Elle sentit soudainement tout le chagrin d’avant sa lecture la submerger de nouveau, comme un tsunami. D’aussi loin qu’elle se souvienne, ses parents avaient toujours été amis avec les Lestrade. Enfin… jusqu’à leur tragique accident. Voir ainsi sur son perron les plus vieux amis de Mary et John Watson, avec des mines si tristes, ne lui remontait pas vraiment le moral.

« Bonjour, Thea, commença doucement Gina Lestrade. Nous aurions aimé t’adresser nos plus sincères condoléances. J’espère que l’on ne te dérange pas… »

Thea pouvait clairement percevoir les sanglots étouffés dans sa voix. Retenant ses propres larmes, la jeune fille se contenta de secouer la tête, la gorge serrée. Elle n’arrivait même plus à émettre un seul son.

« Oh, ma pauvre chérie… Nous sommes vraiment désolés pour toi. Tes parents étaient comme une seconde famille pour nous, nous les aimions beaucoup. » intervint à son tour Gregory Lestrade en la prenant dans ses bras, les yeux brillant de larmes.

Gina se joignit à l’embrassade, et il ne fallut que peu de temps avant que tous les trois ne se mettent à sangloter sur le perron gris de la maison, baigné d’un pâle soleil. Ils restèrent longtemps ainsi, unis dans leur malheur.
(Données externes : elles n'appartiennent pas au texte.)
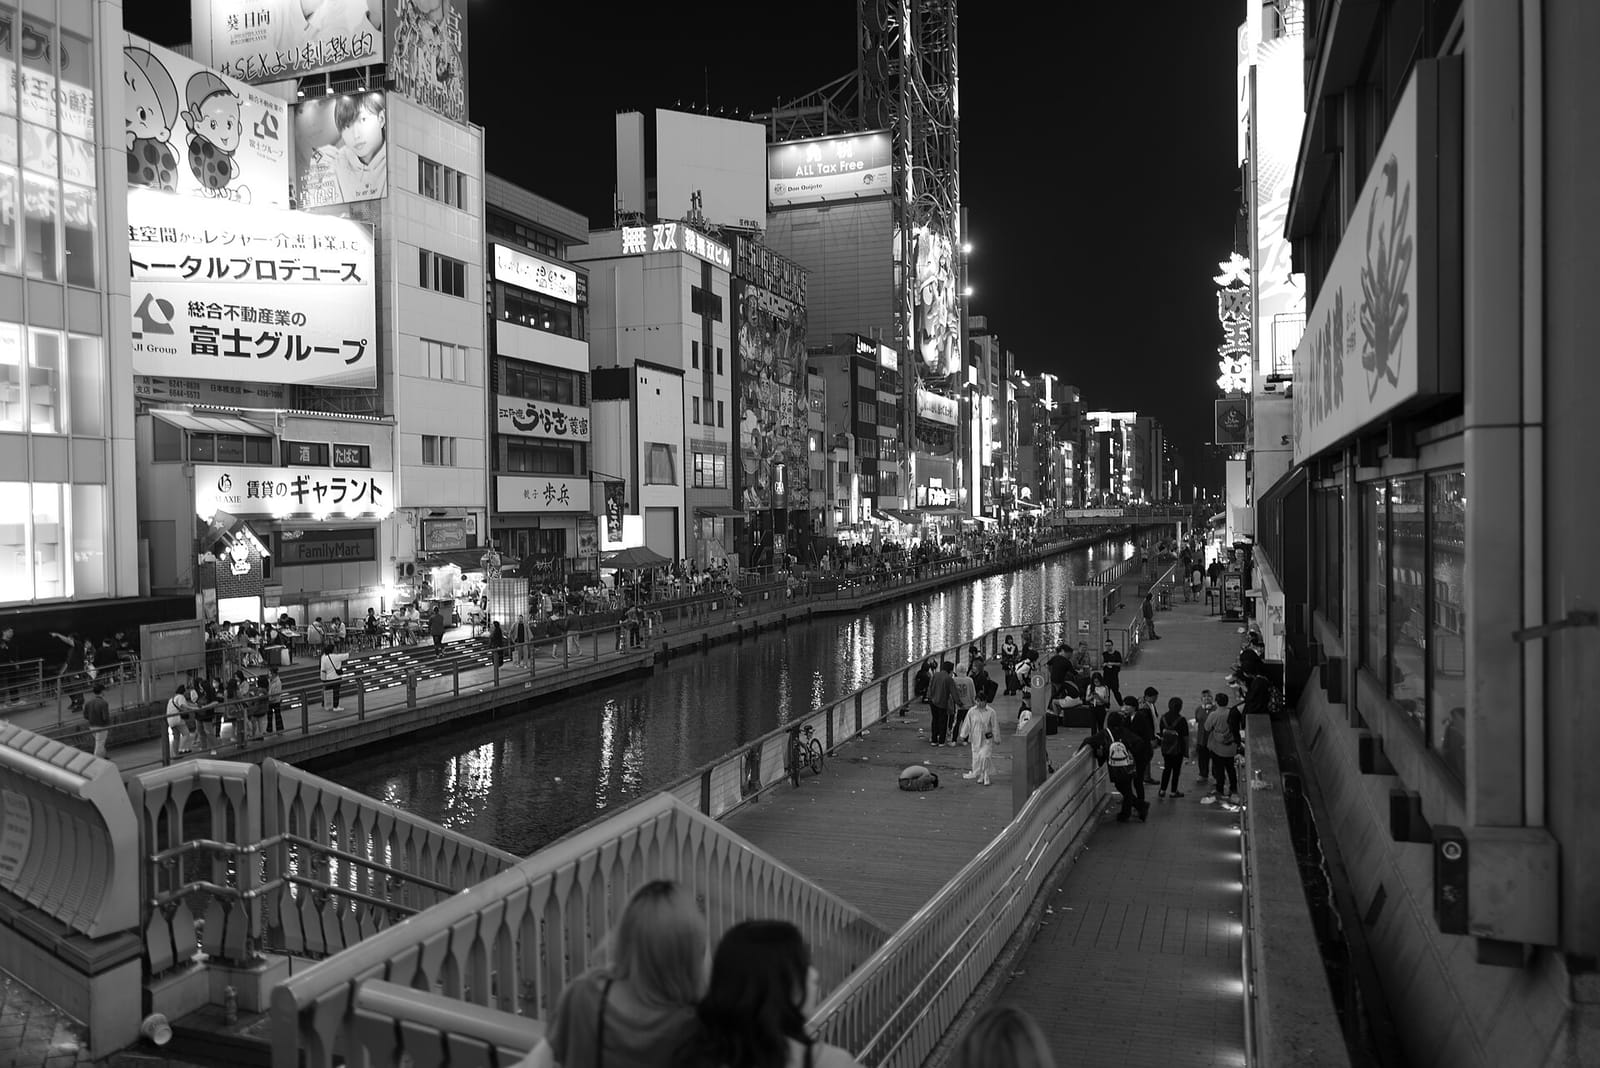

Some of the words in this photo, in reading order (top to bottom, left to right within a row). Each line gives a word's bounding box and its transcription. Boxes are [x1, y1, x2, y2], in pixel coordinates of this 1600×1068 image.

Leurs larmes se mêlèrent à la rosée de printemps qui reposait sur les minuscules bourgeons plantés tout autour de la maison. Les fragiles pousses ne tarderaient pas à éclore en vigoureuses et robustes primevères.
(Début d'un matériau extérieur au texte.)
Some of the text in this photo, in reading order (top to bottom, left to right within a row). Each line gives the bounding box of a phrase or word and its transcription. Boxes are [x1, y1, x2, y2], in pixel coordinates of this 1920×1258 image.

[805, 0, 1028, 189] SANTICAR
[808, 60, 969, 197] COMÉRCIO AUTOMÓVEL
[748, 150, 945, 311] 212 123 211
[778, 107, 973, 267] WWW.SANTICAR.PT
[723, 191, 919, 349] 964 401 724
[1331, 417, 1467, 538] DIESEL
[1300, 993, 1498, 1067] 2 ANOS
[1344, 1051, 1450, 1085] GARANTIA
Lorsqu’ils se séparèrent enfin, Gina glissa à Thea un : « n’hésite pas à nous appeler si tu as besoin de quoi que ce soit, ne serait-ce que parler. Nous sommes là pour toi, Thea. ». Cette dernière hocha la tête et articula avec difficulté un « au revoir ». Elle referma la porte et se retrouva à nouveau seule dans l’immense maison vide. Désespérément seule. Désespérément vide.

Elle contempla le séjour de ses yeux gonflés de larmes. Malgré la pénombre, Thea distinguait parfaitement la grande télévision à écran plat, la table basse en verre, les canapés gris. Elle n’avait pas besoin de ses yeux pour les voir. Combien de films avait-elle bien pu voir dans ce salon avec ses parents ? Des dizaines. Voire des centaines. Mais maintenant, la pièce était vide. Dépeuplée.

Prise de vertiges, elle se rendit à la cuisine située au fond pour prendre un verre d’eau. Ici aussi, les volets étaient presque tous fermés. Elle n’avait pas mangé grand-chose ces derniers temps. Elle alluma la lumière, qui projeta alors son éclat terne sur toute la pièce. Thea fit un effort surhumain pour ne pas regarder le réfrigérateur, couvert à n’en plus finir de photos d’elle et de ses parents. Elle se servit un verre d’eau du robinet et s’installa à table pour le boire tranquillement.

Mais son esprit était loin d’être tranquille. Tout ce qu’elle voyait lui rappelait ses parents. Sa vie passée. Tout était parti en fumée. La maison entière semblait la traiter comme une étrangère. Une intruse dans son propre foyer. Thea se prit la tête dans les mains. Ses souvenirs revenaient tous à la surface sans qu’elle puisse les contrôler. Elle avait l’impression qu’un orage s’apprêtait à éclater dans son cerveau.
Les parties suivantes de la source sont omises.